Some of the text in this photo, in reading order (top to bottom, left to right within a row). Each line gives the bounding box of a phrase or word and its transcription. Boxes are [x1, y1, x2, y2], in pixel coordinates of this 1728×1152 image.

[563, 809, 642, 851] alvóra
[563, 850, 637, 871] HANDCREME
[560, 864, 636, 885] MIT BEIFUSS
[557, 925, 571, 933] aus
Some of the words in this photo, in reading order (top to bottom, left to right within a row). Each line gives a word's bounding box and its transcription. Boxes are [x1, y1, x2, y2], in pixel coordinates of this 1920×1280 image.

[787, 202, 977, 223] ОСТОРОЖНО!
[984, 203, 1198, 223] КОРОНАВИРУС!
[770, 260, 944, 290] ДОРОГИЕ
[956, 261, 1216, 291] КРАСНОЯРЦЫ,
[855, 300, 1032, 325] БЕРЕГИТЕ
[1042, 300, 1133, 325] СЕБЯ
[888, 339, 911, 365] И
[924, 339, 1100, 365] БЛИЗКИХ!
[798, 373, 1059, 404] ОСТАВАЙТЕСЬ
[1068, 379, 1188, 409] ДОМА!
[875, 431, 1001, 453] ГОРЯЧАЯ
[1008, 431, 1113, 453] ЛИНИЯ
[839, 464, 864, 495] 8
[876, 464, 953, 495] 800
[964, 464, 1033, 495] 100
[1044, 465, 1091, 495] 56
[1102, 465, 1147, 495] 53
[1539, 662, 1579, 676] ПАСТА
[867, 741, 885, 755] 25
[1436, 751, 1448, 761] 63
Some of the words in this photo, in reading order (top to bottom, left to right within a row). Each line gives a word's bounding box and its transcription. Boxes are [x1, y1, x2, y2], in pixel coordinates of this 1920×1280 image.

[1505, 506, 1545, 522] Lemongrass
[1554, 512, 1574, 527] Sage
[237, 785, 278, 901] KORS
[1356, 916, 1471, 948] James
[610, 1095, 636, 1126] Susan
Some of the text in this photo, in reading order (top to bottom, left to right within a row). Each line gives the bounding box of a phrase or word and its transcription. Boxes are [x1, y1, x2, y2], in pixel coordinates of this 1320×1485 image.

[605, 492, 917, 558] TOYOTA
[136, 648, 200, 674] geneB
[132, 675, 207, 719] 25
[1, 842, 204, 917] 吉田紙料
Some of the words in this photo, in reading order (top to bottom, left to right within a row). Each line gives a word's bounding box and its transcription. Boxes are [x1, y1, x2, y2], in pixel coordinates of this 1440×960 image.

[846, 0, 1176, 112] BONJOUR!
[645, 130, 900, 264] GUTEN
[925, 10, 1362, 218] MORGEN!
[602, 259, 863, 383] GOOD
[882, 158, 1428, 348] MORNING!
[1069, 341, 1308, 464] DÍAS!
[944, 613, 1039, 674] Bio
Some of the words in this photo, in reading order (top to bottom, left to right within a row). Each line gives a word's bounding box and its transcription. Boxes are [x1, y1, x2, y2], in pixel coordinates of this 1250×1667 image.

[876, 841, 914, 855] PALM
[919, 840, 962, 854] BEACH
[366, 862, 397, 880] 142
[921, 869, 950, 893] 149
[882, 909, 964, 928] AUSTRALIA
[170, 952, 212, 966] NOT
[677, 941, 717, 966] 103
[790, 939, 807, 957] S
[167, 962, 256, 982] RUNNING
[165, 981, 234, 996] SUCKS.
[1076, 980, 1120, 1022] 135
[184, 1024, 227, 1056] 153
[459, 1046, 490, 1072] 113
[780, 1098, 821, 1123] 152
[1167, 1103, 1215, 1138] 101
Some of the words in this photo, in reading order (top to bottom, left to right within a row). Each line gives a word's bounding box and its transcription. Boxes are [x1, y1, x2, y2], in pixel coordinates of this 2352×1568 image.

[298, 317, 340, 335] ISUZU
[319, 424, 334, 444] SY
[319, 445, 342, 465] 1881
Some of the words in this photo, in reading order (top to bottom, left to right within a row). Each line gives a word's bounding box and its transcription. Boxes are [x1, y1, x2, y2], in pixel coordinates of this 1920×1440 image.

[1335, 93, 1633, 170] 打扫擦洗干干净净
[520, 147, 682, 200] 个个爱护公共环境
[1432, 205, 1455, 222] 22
###
**Problem statement**
Give every record again, exactly as it reads.

**Task result**
Some of the text in this photo, in reading order (top to bottom, left to right within a row). Each line gives the bounding box of a phrase or word and its transcription. Boxes are [x1, y1, x2, y2], in pixel coordinates of this 1728×1152 image.

[563, 809, 642, 851] alvóra
[563, 850, 637, 871] HANDCREME
[560, 864, 636, 885] MIT BEIFUSS
[557, 925, 571, 933] aus
Some of the words in this photo, in reading order (top to bottom, left to right within a row). Each line gives a word's bounding box and its transcription. Boxes are [x1, y1, x2, y2], in pixel coordinates of this 1920×1280 image.

[787, 202, 977, 223] ОСТОРОЖНО!
[984, 203, 1198, 223] КОРОНАВИРУС!
[770, 260, 944, 290] ДОРОГИЕ
[956, 261, 1216, 291] КРАСНОЯРЦЫ,
[855, 300, 1032, 325] БЕРЕГИТЕ
[1042, 300, 1133, 325] СЕБЯ
[888, 339, 911, 365] И
[924, 339, 1100, 365] БЛИЗКИХ!
[798, 373, 1059, 404] ОСТАВАЙТЕСЬ
[1068, 379, 1188, 409] ДОМА!
[875, 431, 1001, 453] ГОРЯЧАЯ
[1008, 431, 1113, 453] ЛИНИЯ
[839, 464, 864, 495] 8
[876, 464, 953, 495] 800
[964, 464, 1033, 495] 100
[1044, 465, 1091, 495] 56
[1102, 465, 1147, 495] 53
[1539, 662, 1579, 676] ПАСТА
[867, 741, 885, 755] 25
[1436, 751, 1448, 761] 63
Some of the words in this photo, in reading order (top to bottom, left to right within a row). Each line gives a word's bounding box and its transcription. Boxes are [x1, y1, x2, y2], in pixel coordinates of this 1920×1280 image.

[1505, 506, 1545, 522] Lemongrass
[1554, 512, 1574, 527] Sage
[237, 785, 278, 901] KORS
[1356, 916, 1471, 948] James
[610, 1095, 636, 1126] Susan
Some of the text in this photo, in reading order (top to bottom, left to right within a row). Each line gives the bounding box of a phrase or word and its transcription. Boxes are [x1, y1, x2, y2], in pixel coordinates of this 1320×1485 image.

[605, 492, 917, 558] TOYOTA
[136, 648, 200, 674] geneB
[132, 675, 207, 719] 25
[1, 842, 204, 917] 吉田紙料
Some of the words in this photo, in reading order (top to bottom, left to right within a row). Each line gives a word's bounding box and its transcription. Boxes are [x1, y1, x2, y2], in pixel coordinates of this 1440×960 image.

[846, 0, 1176, 112] BONJOUR!
[645, 130, 900, 264] GUTEN
[925, 10, 1362, 218] MORGEN!
[602, 259, 863, 383] GOOD
[882, 158, 1428, 348] MORNING!
[1069, 341, 1308, 464] DÍAS!
[944, 613, 1039, 674] Bio
Some of the words in this photo, in reading order (top to bottom, left to right within a row). Each line gives a word's bounding box and its transcription. Boxes are [x1, y1, x2, y2], in pixel coordinates of this 1250×1667 image.

[876, 841, 914, 855] PALM
[919, 840, 962, 854] BEACH
[366, 862, 397, 880] 142
[921, 869, 950, 893] 149
[882, 909, 964, 928] AUSTRALIA
[170, 952, 212, 966] NOT
[677, 941, 717, 966] 103
[790, 939, 807, 957] S
[167, 962, 256, 982] RUNNING
[165, 981, 234, 996] SUCKS.
[1076, 980, 1120, 1022] 135
[184, 1024, 227, 1056] 153
[459, 1046, 490, 1072] 113
[780, 1098, 821, 1123] 152
[1167, 1103, 1215, 1138] 101
Some of the words in this photo, in reading order (top to bottom, left to right within a row). Each line gives a word's bounding box and its transcription. Boxes are [x1, y1, x2, y2], in pixel coordinates of this 2352×1568 image.

[298, 317, 340, 335] ISUZU
[319, 424, 334, 444] SY
[319, 445, 342, 465] 1881
Some of the words in this photo, in reading order (top to bottom, left to right within a row). Each line gives a word's bounding box and its transcription. Boxes are [x1, y1, x2, y2], in pixel coordinates of this 1920×1440 image.

[1335, 93, 1633, 170] 打扫擦洗干干净净
[520, 147, 682, 200] 个个爱护公共环境
[1432, 205, 1455, 222] 22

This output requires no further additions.